■ **What to do**
Reproduce the lines below exactly. Skip images.

====== Supplied entries ======

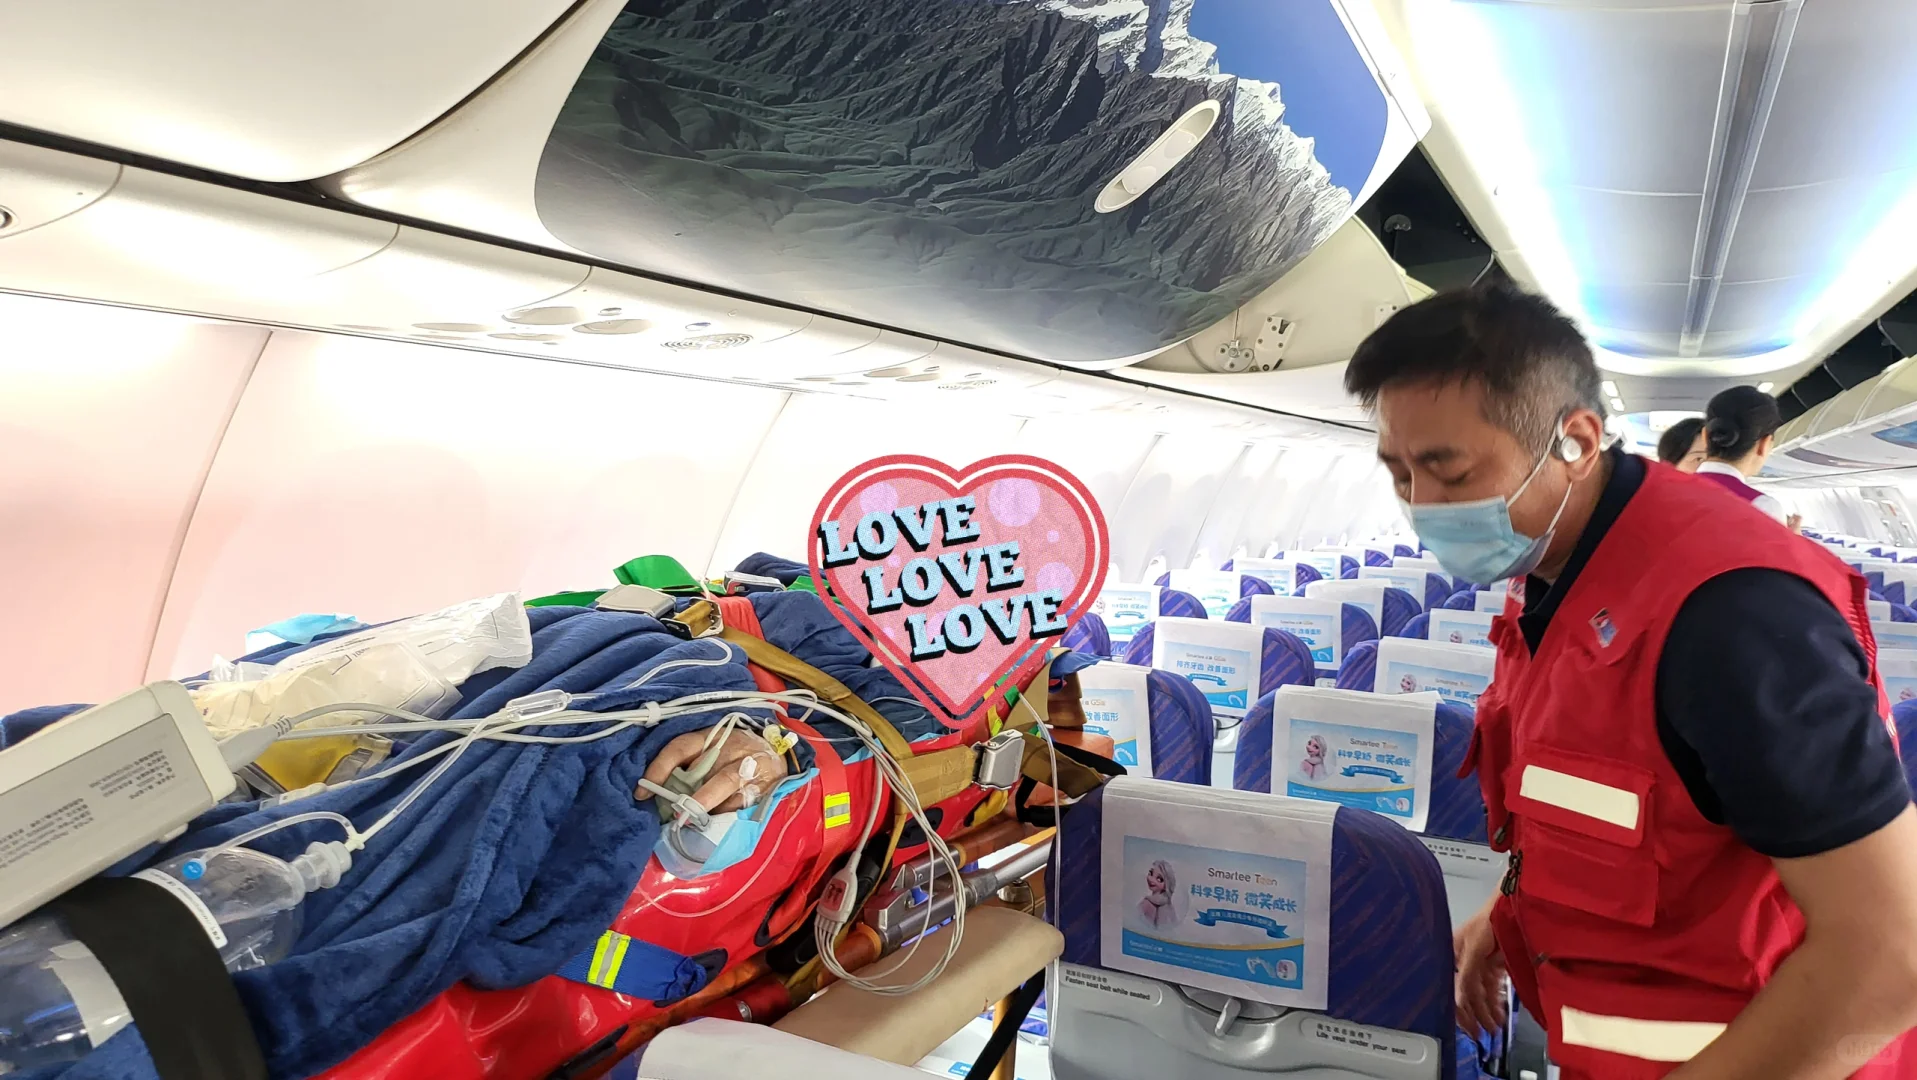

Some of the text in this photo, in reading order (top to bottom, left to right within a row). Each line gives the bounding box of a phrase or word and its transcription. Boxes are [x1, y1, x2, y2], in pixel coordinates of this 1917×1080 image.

[1349, 738, 1380, 749] Smartee
[1207, 867, 1278, 887] Smartee Teen
[1190, 883, 1298, 914] 科学早矫 微笑成长
[1065, 975, 1151, 1001] Fasten seat belt while seated
[1348, 1039, 1369, 1047] under

======

■ **Task answer**
Some of the text in this photo, in reading order (top to bottom, left to right within a row). Each line gives the bounding box of a phrase or word and its transcription. Boxes are [x1, y1, x2, y2], in pixel coordinates of this 1917×1080 image.

[1349, 738, 1380, 749] Smartee
[1207, 867, 1278, 887] Smartee Teen
[1190, 883, 1298, 914] 科学早矫 微笑成长
[1065, 975, 1151, 1001] Fasten seat belt while seated
[1348, 1039, 1369, 1047] under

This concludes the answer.